*Free-text object descriptions*.
------------
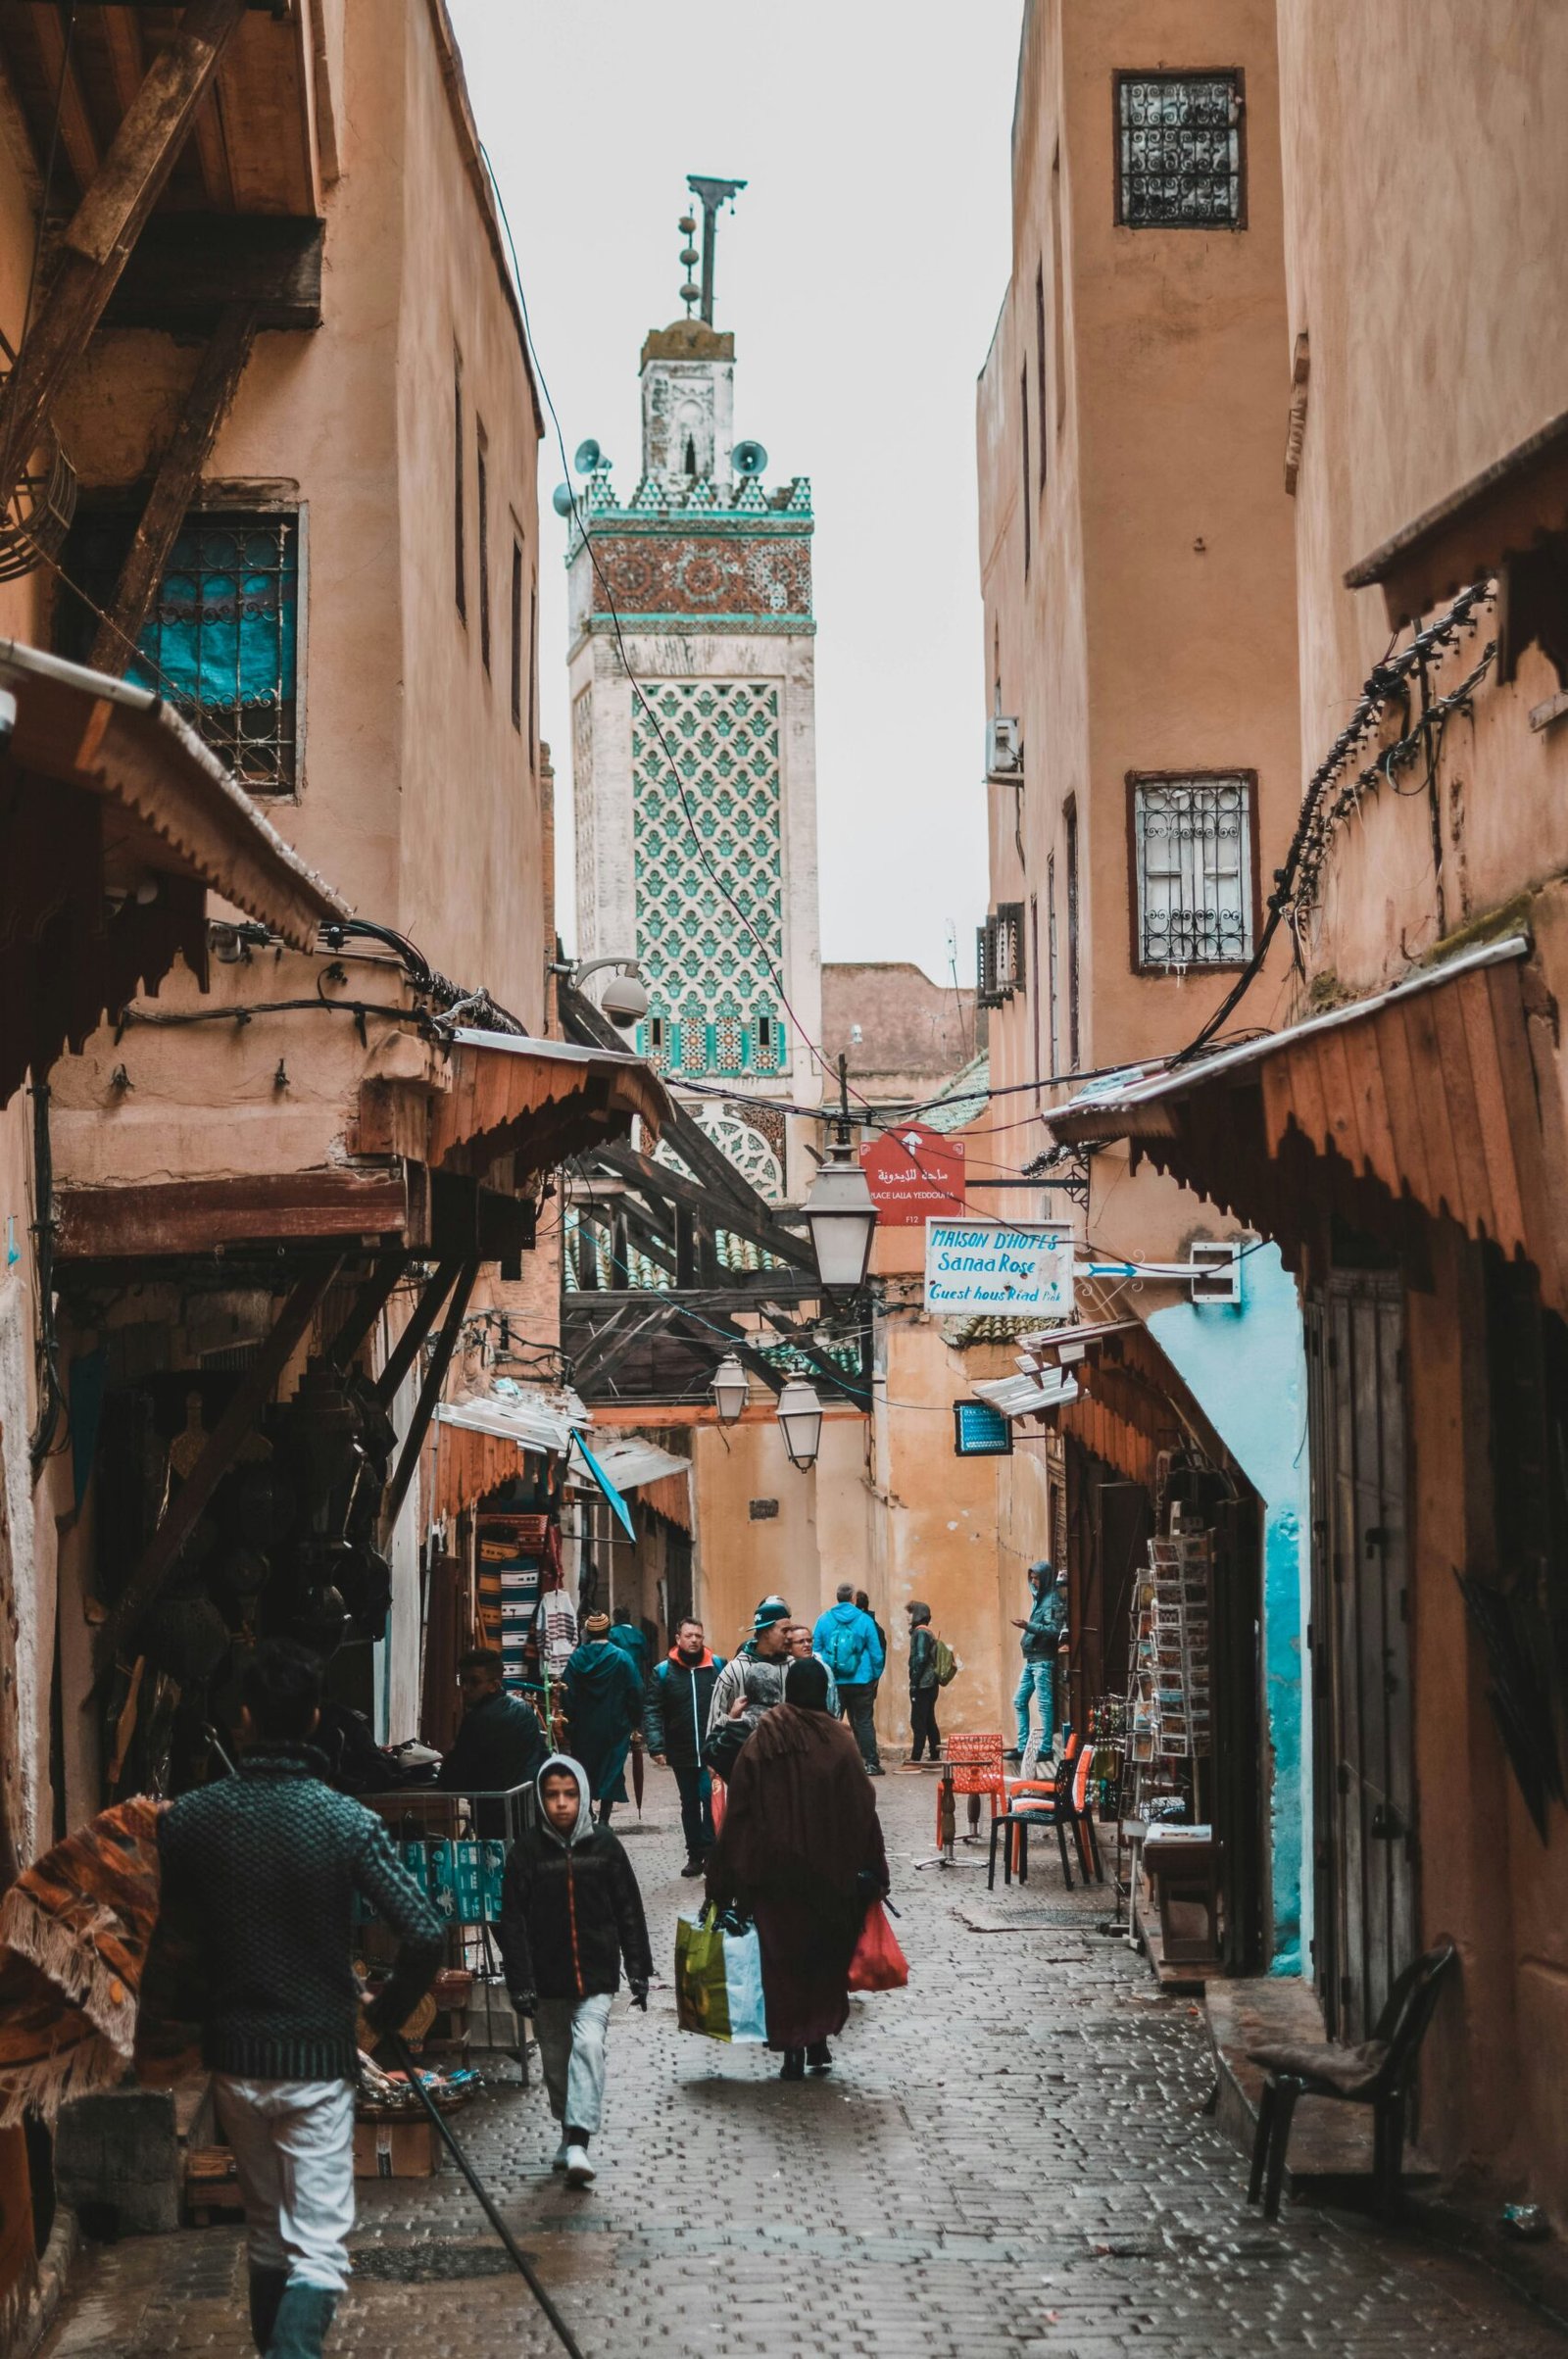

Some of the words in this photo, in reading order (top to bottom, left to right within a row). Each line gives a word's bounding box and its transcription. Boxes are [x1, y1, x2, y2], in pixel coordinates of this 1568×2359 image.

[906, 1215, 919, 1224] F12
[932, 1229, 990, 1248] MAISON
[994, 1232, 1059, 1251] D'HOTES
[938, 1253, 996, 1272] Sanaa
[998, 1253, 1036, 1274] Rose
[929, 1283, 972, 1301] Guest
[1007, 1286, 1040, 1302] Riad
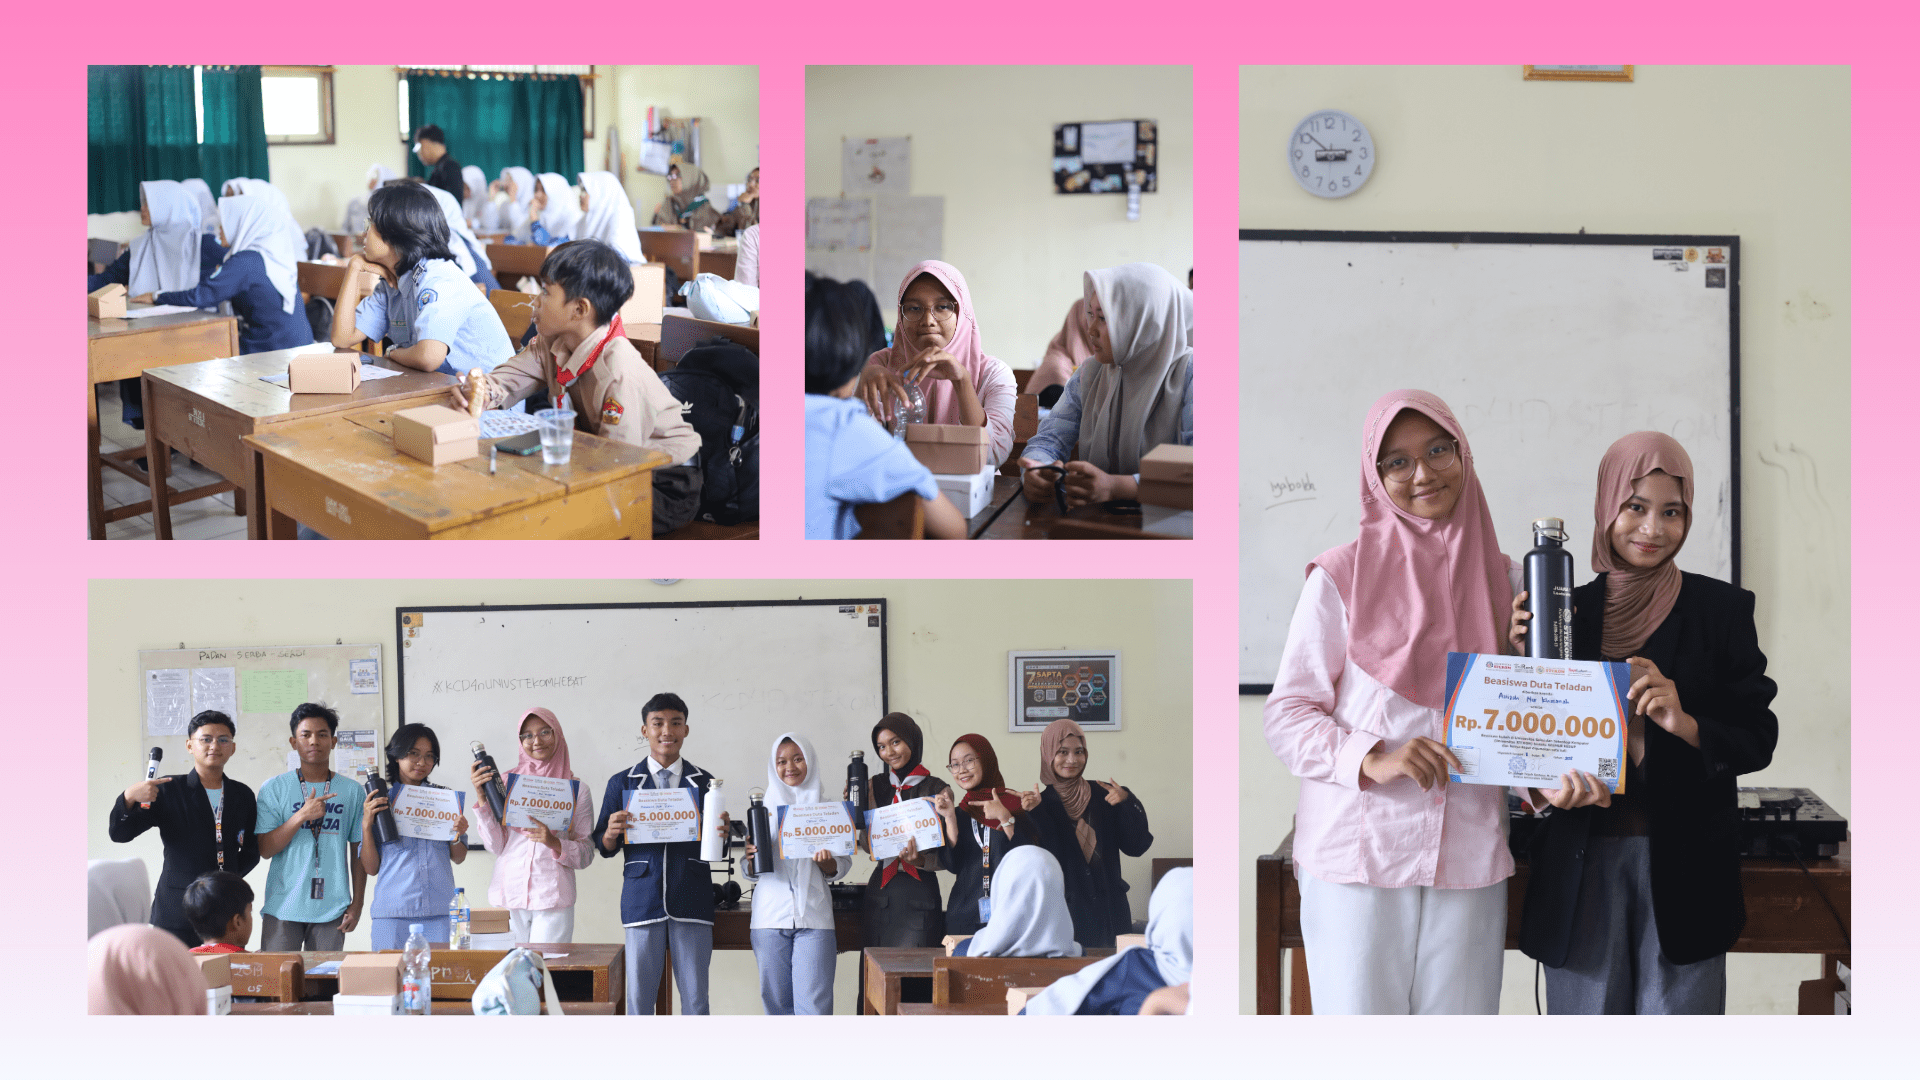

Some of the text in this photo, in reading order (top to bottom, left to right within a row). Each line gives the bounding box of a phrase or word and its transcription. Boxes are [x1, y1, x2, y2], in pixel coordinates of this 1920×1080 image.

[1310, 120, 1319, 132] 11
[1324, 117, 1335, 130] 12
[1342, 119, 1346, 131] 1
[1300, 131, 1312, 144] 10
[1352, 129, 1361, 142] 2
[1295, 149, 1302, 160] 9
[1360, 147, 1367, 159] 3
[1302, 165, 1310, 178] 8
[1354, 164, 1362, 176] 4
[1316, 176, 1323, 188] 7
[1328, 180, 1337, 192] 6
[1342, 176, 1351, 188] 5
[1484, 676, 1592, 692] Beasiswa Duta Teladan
------------
Exact copies of the lines from the one containing "Some of the text" through the final line of the records are all the answer should hold.

*Your solution*.
Some of the text in this photo, in reading order (top to bottom, left to right within a row). Each line gives the bounding box of a phrase or word and its transcription. Boxes are [x1, y1, x2, y2], in pixel coordinates of this 1920×1080 image.

[1310, 120, 1319, 132] 11
[1324, 117, 1335, 130] 12
[1342, 119, 1346, 131] 1
[1300, 131, 1312, 144] 10
[1352, 129, 1361, 142] 2
[1295, 149, 1302, 160] 9
[1360, 147, 1367, 159] 3
[1302, 165, 1310, 178] 8
[1354, 164, 1362, 176] 4
[1316, 176, 1323, 188] 7
[1328, 180, 1337, 192] 6
[1342, 176, 1351, 188] 5
[1484, 676, 1592, 692] Beasiswa Duta Teladan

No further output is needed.